Zehn Jahre hat der gebürtige Königshofener an dieser Animation gearbeitet. Schunk rekonstruierte die Festung aus alten Plänen auf seiner Workstation in 3D.

„Es war faszinierend“ sagten die Besucher, die aus dem ganzen Landkreis nach Bad Königshofen gekommen waren. Schunk versprach denn auch am gleichen Abend den Vortrag im kommenden Jahr noch einmal zu halten.

Der Weg zur Festung

Der Referent ging in seinen Ausführungen zunächst auf die Geschichte Königshofens ein, erwähnte die ersten Besiedlungen und nannte das Jahr 1315, als die Stadtmauer gebaut wurde. Fünf Jahre später bekam Königshofen die Stadtrechte. 1497 entstand der Wallgraben und 1565 wird Königshofen erstmals als Festung erwähnt.

Seinen Vortrag hatte Günter Schunk anhand von historischen Plänen aufgebaut. So den Grundriss von 1766. Dabei zeigte er auch das Festungswappen, sprach vom Bau der Kaserne im Jahr 1751, die von dem Würzburger Barockbaumeister Balthasar Neumann geplant wurde.

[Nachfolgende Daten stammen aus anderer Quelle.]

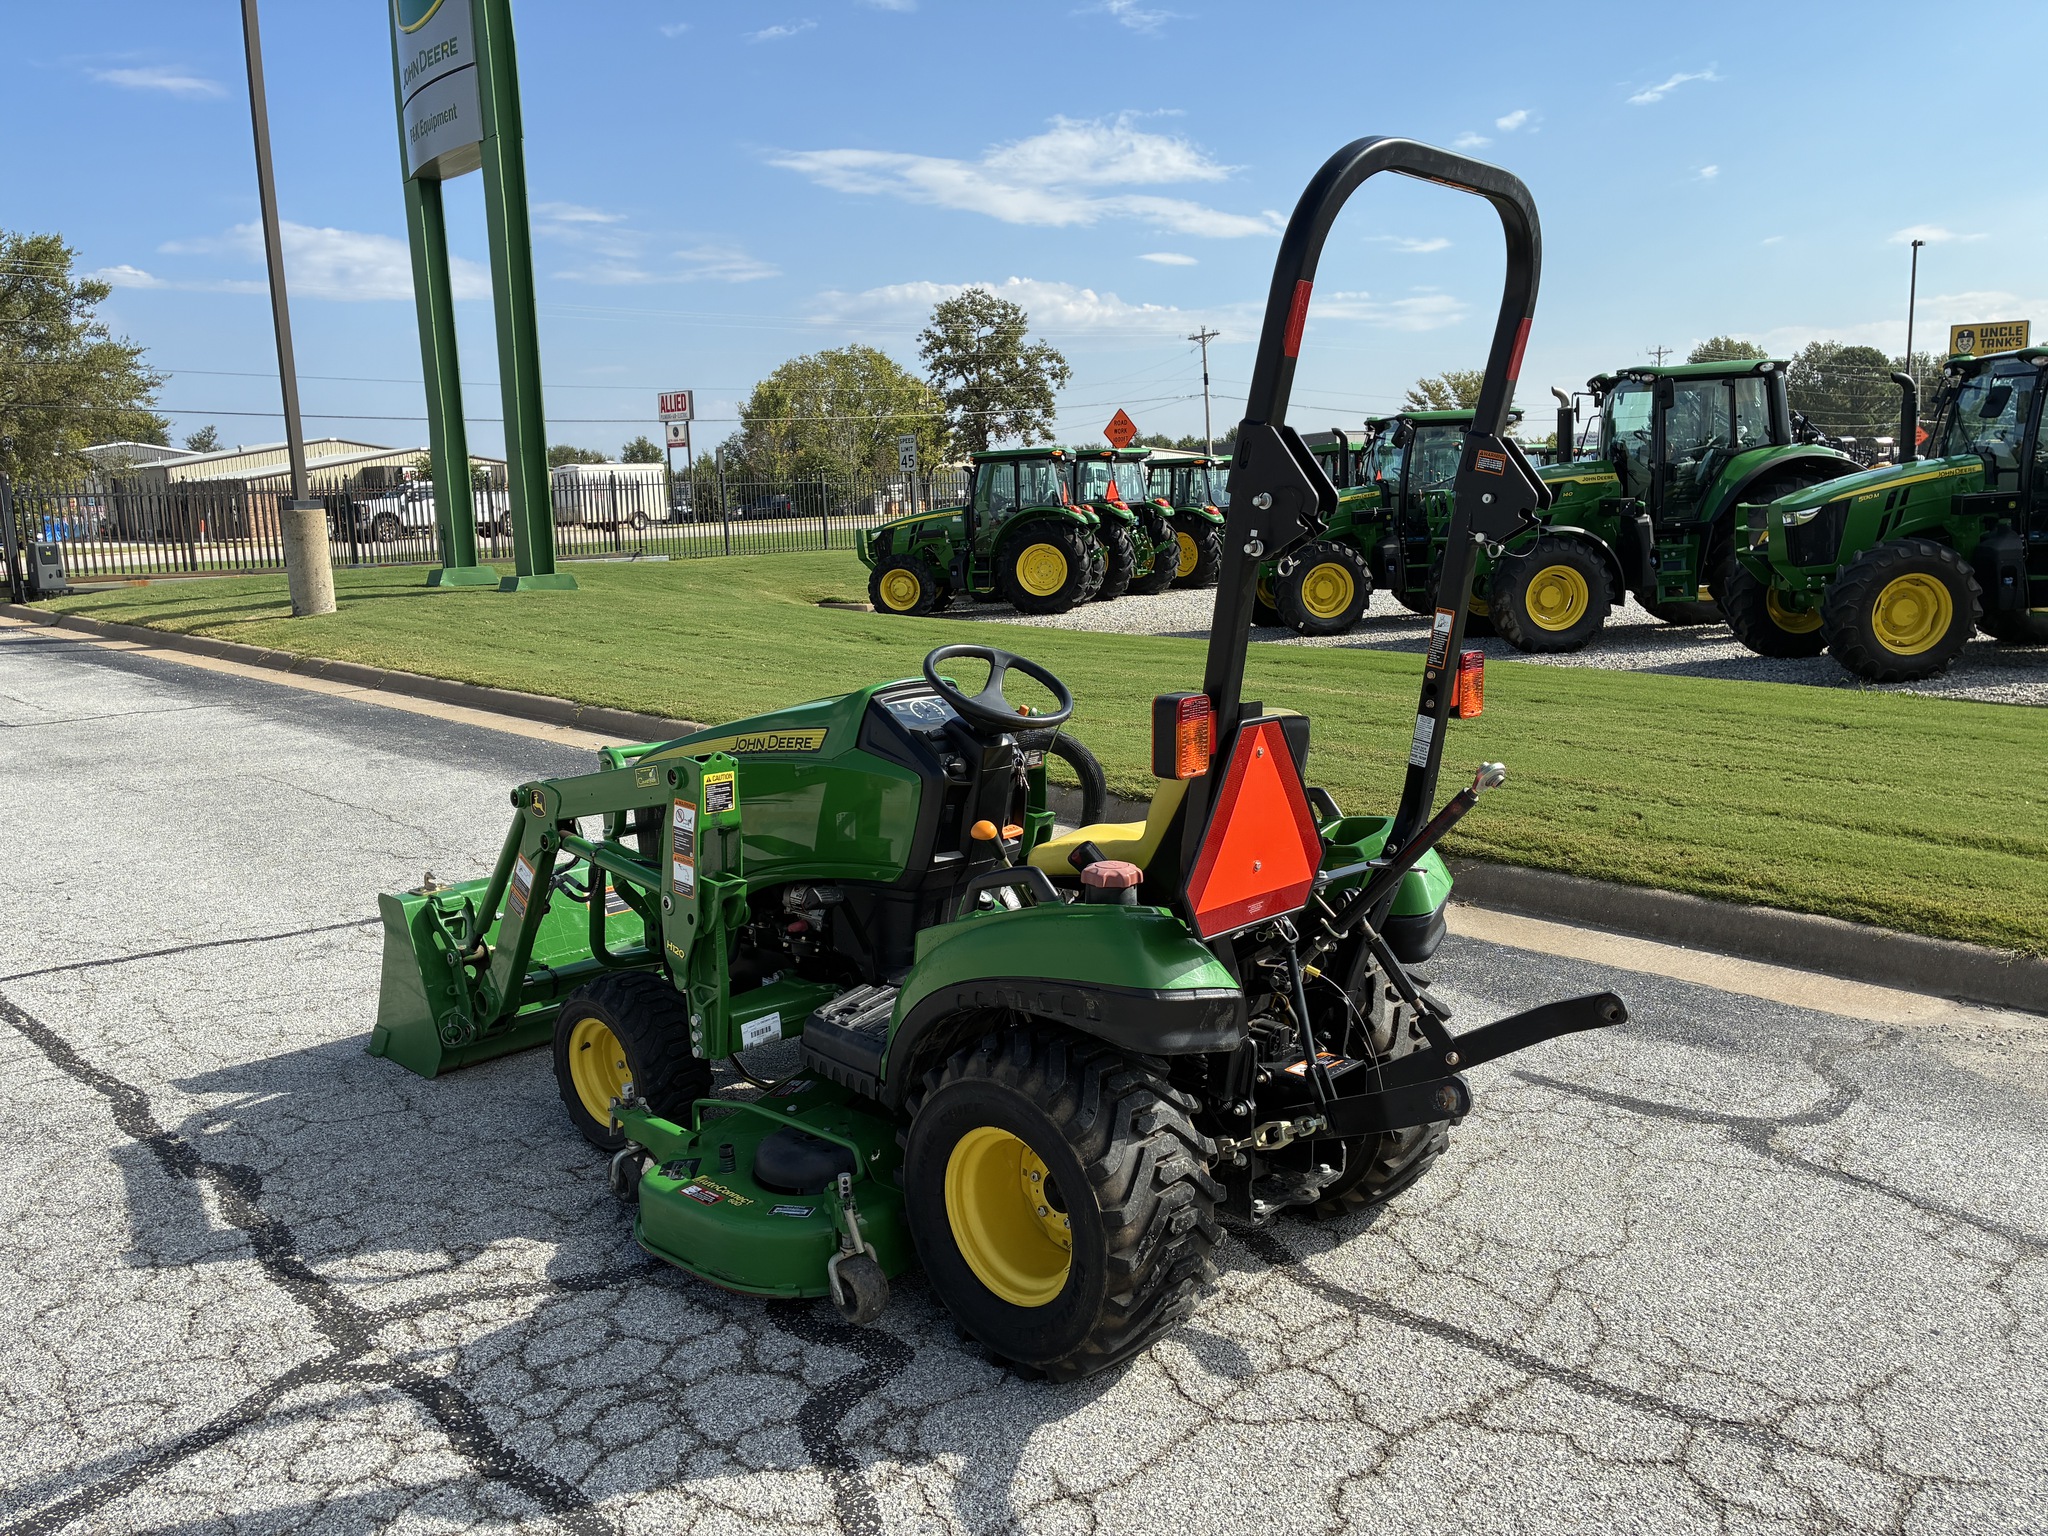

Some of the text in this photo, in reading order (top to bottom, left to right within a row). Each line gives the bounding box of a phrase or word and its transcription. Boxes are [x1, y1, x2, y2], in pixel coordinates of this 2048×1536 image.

Günter Schunk hat bis ins kleinste Detail an seiner Animation gearbeitet und viel Zeit investiert, das unterstreicht auch seine Frau Heidemarie. Immer wieder habe er unterwegs die Kamera gezückt und habe Häuser fotografiert, die in die Animation eingefügt wurden. Wie viele Stunden er an der Animation gearbeitet hat, kann er heute nicht mehr sagen, nur, dass er für eine Minute Film rund eine Woche benötigte.

Zu Bad Königshofen hat Günter Schunk einen Bezug. Sein Vater Josef Schunk sammelte die Heimatblätter und so kam sein Sohn auch mit der Geschichte Königshofens in Berührung. Günter Schunk studierte später Elektrotechnik und kam nach Ottobrunn. Dort arbeitete er am Raketenprojekt „Europarakete“ mit.

Als er in Rente ging, kam die Idee auf, die Festungsstadt Königshofen einmal genauer unter die Lupe zu nehmen. Schunk fand Pläne im Kriegs- und im Staatsarchiv. Die Idee reifte, anhand dieser Pläne die Festungsstadt virtuell nachzubauen. Räumliches Denken war dabei gefragt. Auch alte Fotos wurden betrachtet. Ausführliche Informationen lieferte das Stadtarchiv. „Michael Katzenberger hat mir sehr geholfen und dafür bin ich dankbar.“

„Es steckte viel Arbeit in dem gesamten Projekt, in das sich mein Mann voll und ganz hineingekniet hatte,“ sagt Heidemarie Schunk. Auch sie ist stolz auf das gelungene Werk, das für großen Beifall und Bewunderung beim Vortrag im Kulturarsenal Darre sorgte.